=== Records for this task ===

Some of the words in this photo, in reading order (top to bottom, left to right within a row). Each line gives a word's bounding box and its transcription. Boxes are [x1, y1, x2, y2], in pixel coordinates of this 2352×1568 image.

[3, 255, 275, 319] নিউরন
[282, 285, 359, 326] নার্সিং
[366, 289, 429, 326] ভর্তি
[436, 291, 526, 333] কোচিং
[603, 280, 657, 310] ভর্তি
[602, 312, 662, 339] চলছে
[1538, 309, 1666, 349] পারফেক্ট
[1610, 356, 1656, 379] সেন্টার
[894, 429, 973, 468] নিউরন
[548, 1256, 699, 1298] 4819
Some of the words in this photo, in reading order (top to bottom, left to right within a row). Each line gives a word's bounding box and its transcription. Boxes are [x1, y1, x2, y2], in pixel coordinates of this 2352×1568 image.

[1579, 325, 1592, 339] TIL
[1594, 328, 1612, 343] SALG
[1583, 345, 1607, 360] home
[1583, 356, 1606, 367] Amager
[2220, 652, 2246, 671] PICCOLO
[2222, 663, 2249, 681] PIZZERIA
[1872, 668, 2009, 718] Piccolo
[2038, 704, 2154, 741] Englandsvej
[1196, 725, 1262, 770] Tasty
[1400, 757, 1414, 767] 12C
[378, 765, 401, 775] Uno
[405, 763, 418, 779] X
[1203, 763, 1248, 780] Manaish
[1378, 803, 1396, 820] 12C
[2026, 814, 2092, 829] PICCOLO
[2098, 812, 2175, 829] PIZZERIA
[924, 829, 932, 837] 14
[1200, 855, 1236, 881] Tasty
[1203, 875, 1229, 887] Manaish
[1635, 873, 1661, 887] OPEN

===

Exercise brief
Output every entry shown above, exactly.

Completed exercise
Some of the words in this photo, in reading order (top to bottom, left to right within a row). Each line gives a word's bounding box and its transcription. Boxes are [x1, y1, x2, y2], in pixel coordinates of this 2352×1568 image.

[3, 255, 275, 319] নিউরন
[282, 285, 359, 326] নার্সিং
[366, 289, 429, 326] ভর্তি
[436, 291, 526, 333] কোচিং
[603, 280, 657, 310] ভর্তি
[602, 312, 662, 339] চলছে
[1538, 309, 1666, 349] পারফেক্ট
[1610, 356, 1656, 379] সেন্টার
[894, 429, 973, 468] নিউরন
[548, 1256, 699, 1298] 4819
Some of the words in this photo, in reading order (top to bottom, left to right within a row). Each line gives a word's bounding box and its transcription. Boxes are [x1, y1, x2, y2], in pixel coordinates of this 2352×1568 image.

[1579, 325, 1592, 339] TIL
[1594, 328, 1612, 343] SALG
[1583, 345, 1607, 360] home
[1583, 356, 1606, 367] Amager
[2220, 652, 2246, 671] PICCOLO
[2222, 663, 2249, 681] PIZZERIA
[1872, 668, 2009, 718] Piccolo
[2038, 704, 2154, 741] Englandsvej
[1196, 725, 1262, 770] Tasty
[1400, 757, 1414, 767] 12C
[378, 765, 401, 775] Uno
[405, 763, 418, 779] X
[1203, 763, 1248, 780] Manaish
[1378, 803, 1396, 820] 12C
[2026, 814, 2092, 829] PICCOLO
[2098, 812, 2175, 829] PIZZERIA
[924, 829, 932, 837] 14
[1200, 855, 1236, 881] Tasty
[1203, 875, 1229, 887] Manaish
[1635, 873, 1661, 887] OPEN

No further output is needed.